- Dataset excerpts

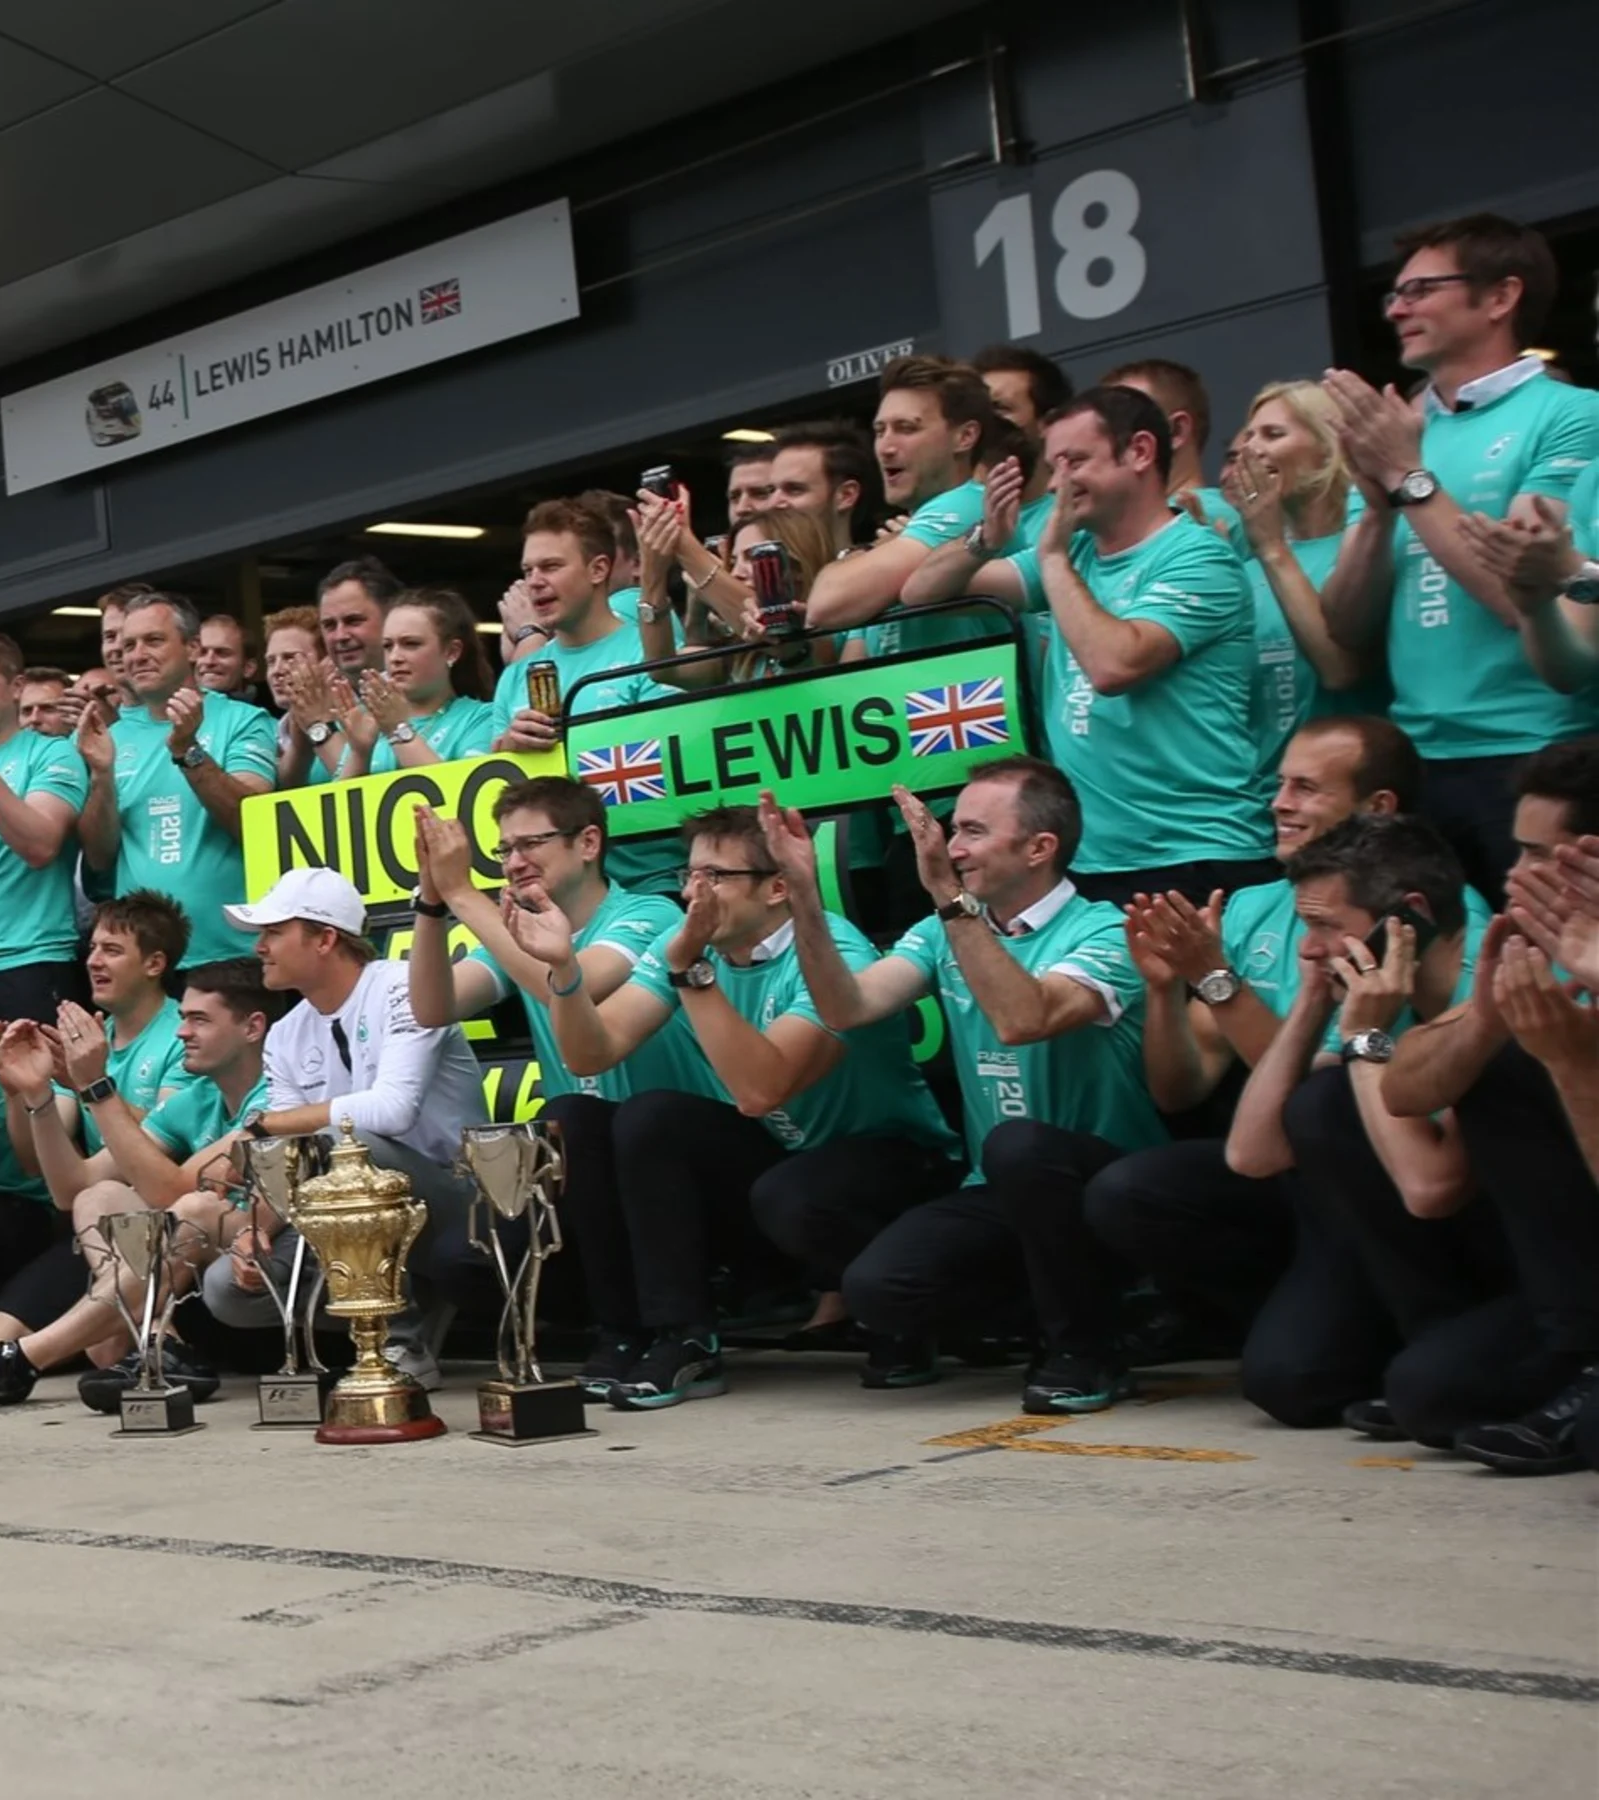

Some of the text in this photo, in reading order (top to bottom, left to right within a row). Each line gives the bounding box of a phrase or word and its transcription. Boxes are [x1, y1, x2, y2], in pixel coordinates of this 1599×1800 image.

[973, 168, 1148, 341] 18
[146, 297, 415, 411] 44 LEWIS HAMILTON
[668, 696, 901, 796] LEWIS
[160, 816, 182, 864] 2015
[274, 759, 531, 896] NICO
[977, 1050, 1019, 1065] RACE
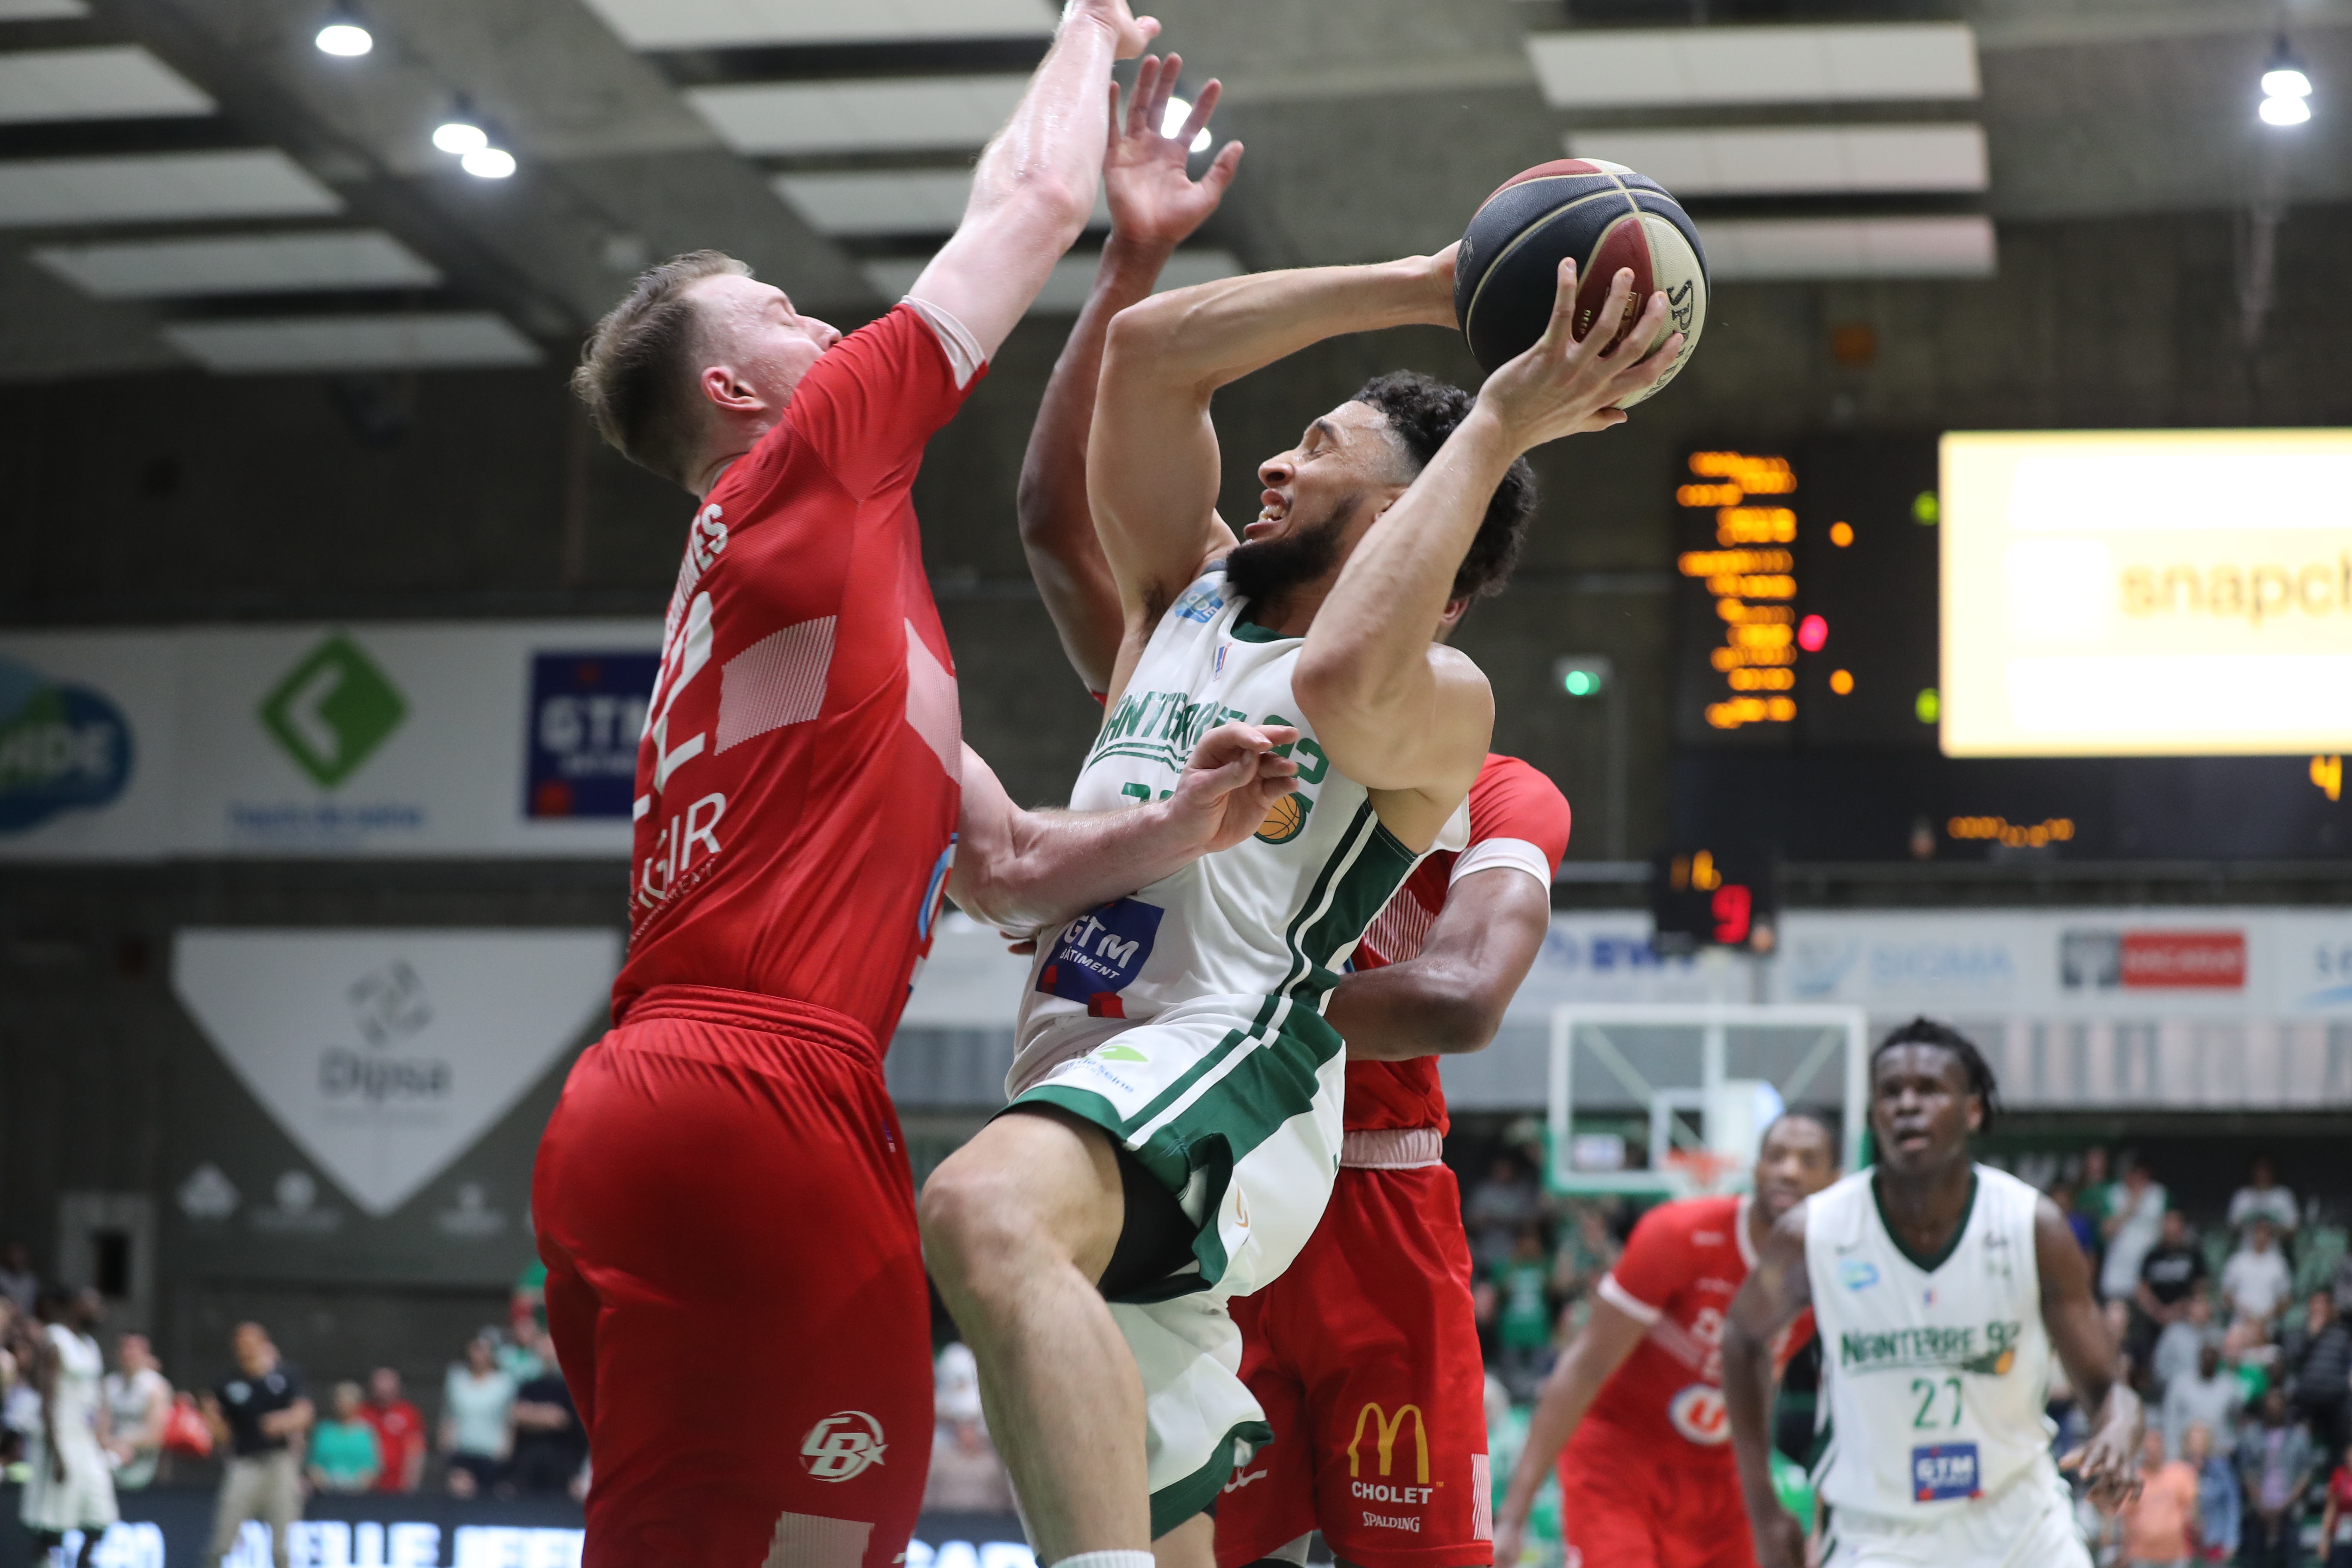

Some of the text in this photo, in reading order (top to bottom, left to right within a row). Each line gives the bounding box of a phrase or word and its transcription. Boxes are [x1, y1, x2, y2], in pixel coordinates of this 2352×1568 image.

- Your task
Your answer must be every record above, word for word, with no pictures.

- Task answer
Some of the text in this photo, in reading order (top to bottom, left to right within a row). Each line gives the bounding box of a phrase or word and its transcription. Boxes are [x1, y1, x2, y2], in pixel coordinates of this 1599×1800 image.

[973, 168, 1148, 341] 18
[146, 297, 415, 411] 44 LEWIS HAMILTON
[668, 696, 901, 796] LEWIS
[160, 816, 182, 864] 2015
[274, 759, 531, 896] NICO
[977, 1050, 1019, 1065] RACE

Some of the text in this photo, in reading order (top to bottom, left to right within a row). Each line gives the bounding box of a phrase or word and its transcription. Boxes are [x1, y1, x2, y2], in pixel coordinates of this 2352×1568 image.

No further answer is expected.